Fast forward to the mid-1990s when new leadership took the helm at MSF. Tim Buche was named president and he established a team to move MSF rider education and training into the modern era. The group was named Rider Education and Training System Development and Oversight Team (RETSDOT). I was one of 13 charter members, and the group eventually had over 50 individuals participating in moving MSF catalog from a few courses to a complete lifelong learning framework with multiple RiderCourses. This included a sea change in methodology from content-centric processes to a learner-centered approach, and a deep dive into the underpinnings of safety education, adult and accelerated learning, and motor skill development principles.
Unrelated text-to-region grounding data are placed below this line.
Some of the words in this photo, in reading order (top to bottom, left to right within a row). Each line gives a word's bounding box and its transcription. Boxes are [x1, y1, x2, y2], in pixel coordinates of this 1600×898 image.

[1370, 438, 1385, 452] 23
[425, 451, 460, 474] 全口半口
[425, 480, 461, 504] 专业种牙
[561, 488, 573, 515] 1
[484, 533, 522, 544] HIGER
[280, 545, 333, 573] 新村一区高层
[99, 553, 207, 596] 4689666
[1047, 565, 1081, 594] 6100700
In the early 2000s, I divided time between EKU’s Traffic Safety Institute, field-testing a new learn-to-ride course (the Basic RiderCourse or BRC) in Albuquerque, New Mexico, and meeting at MSF headquarters in Irvine, California, for RETSDOT interaction, which included RiderCoach certification processes and fleshing out a complete Rider Education and Training System. At the time, I was serving as Acting Director of MSF Training Systems. Nearing retirement at EKU, I transitioned to full-time work at the MSF in 2002. Oh, and I finished up a doctorate at the University of Tennessee, Knoxville, in educational psychology with emphasis in adult learning, earning an “Outstanding Achievement in Adult Education” certificate. The move to Southern California allowed me to commute to work by motorcycle pretty much daily. My new tour routine was an annual triangular trek through Sequoia National Park, Yosemite National Park, and returning via the Big Sur back home to Orange County. In 2012, I was fortunate to earn the State Motorcycle Safety Association Chairperson’s Award.
Today, I remain busy with all things motorcyclist safety, with most of my time devoted to developing and testing programs that could benefit riders and their safety. This includes certification and development of RiderCoaches, RiderCoach Trainers, and Quality Assurance Specialists. I also received the 2023 State Motorcycle Safety Association Outstanding Contribution Award. I’m blessed to be surrounded by dedicated and competent staff and support, which of course includes my wife Carolyn.
I remain optimistic for the future of MSF’s programs and activities, and appreciate its noble mission in the pursuit of motorcyclist safety. I also maintain a strong belief in the value of rider education and training. I think that through MSF, rider education and training is doing as much as reasonably possible within its resources and national priorities to contribute to the federal Safe System Approach and Zero Fatality initiatives.
I’m forever thankful for the opportunities that have come my way, and my appreciation will never end. I’m eager to continue to offer contributions that may make a positive difference in the lives of those who make motorcycling part of their lives. I remain grateful for the work that MSF staff, RiderCoaches, RiderCoach Trainers, Quality Assurance Specialists, and program administrators have done in the name of motorcyclist safety. A heartfelt thanks to all of you and to MSF! I hope to see you out there.
Dr. Raymond Joseph Ochs is Vice President of Training Systems for the Motorcycle Safety Foundation, where he is responsible for course development, RiderCoach certification, and quality assurance. He became an MSF-certified Instructor in 1973 and a Chief Instructor in 1980. He joined MSF staff full time in 2002.